TASK DATA -
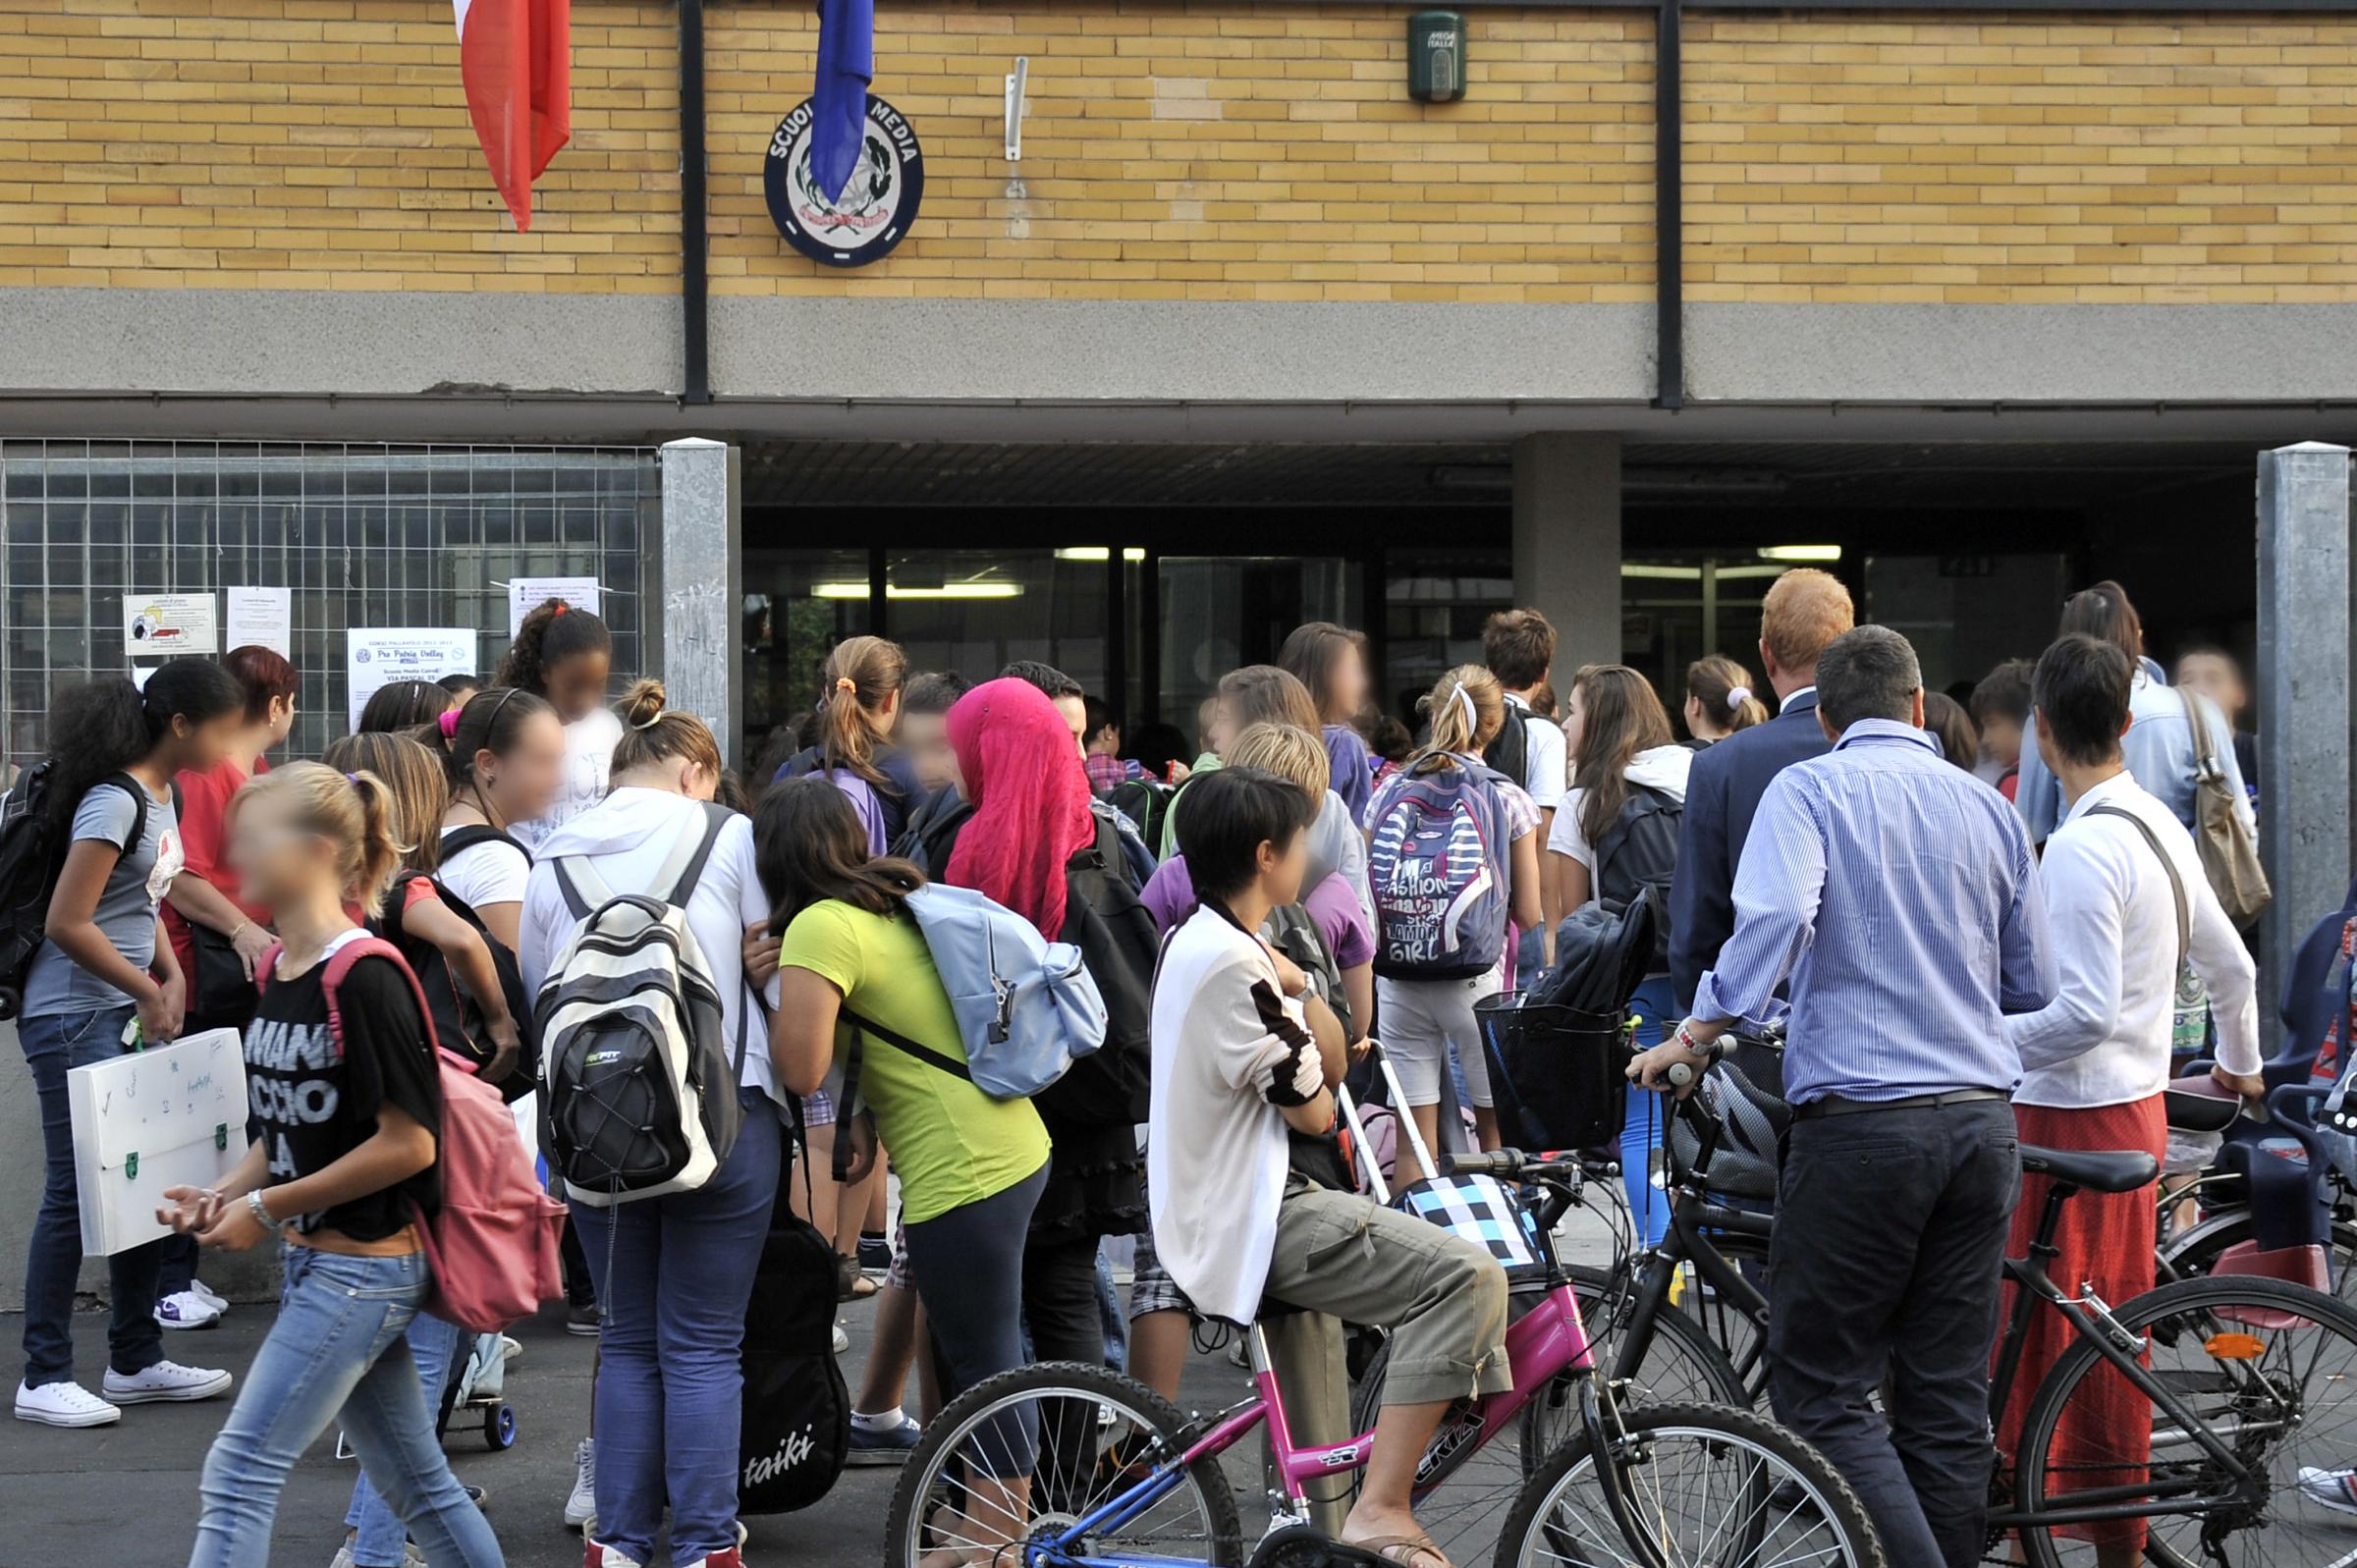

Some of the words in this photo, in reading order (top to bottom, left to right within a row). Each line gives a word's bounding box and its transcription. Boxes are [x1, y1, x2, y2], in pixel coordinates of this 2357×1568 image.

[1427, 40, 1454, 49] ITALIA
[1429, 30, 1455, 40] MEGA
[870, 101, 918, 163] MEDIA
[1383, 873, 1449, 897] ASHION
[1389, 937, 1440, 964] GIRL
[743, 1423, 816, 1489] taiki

WORK TO COMPLETE - Set down each entry above word for word, without its pictures.

RESULT OF THE EXERCISE -
Some of the words in this photo, in reading order (top to bottom, left to right within a row). Each line gives a word's bounding box and its transcription. Boxes are [x1, y1, x2, y2], in pixel coordinates of this 2357×1568 image.

[1427, 40, 1454, 49] ITALIA
[1429, 30, 1455, 40] MEGA
[870, 101, 918, 163] MEDIA
[1383, 873, 1449, 897] ASHION
[1389, 937, 1440, 964] GIRL
[743, 1423, 816, 1489] taiki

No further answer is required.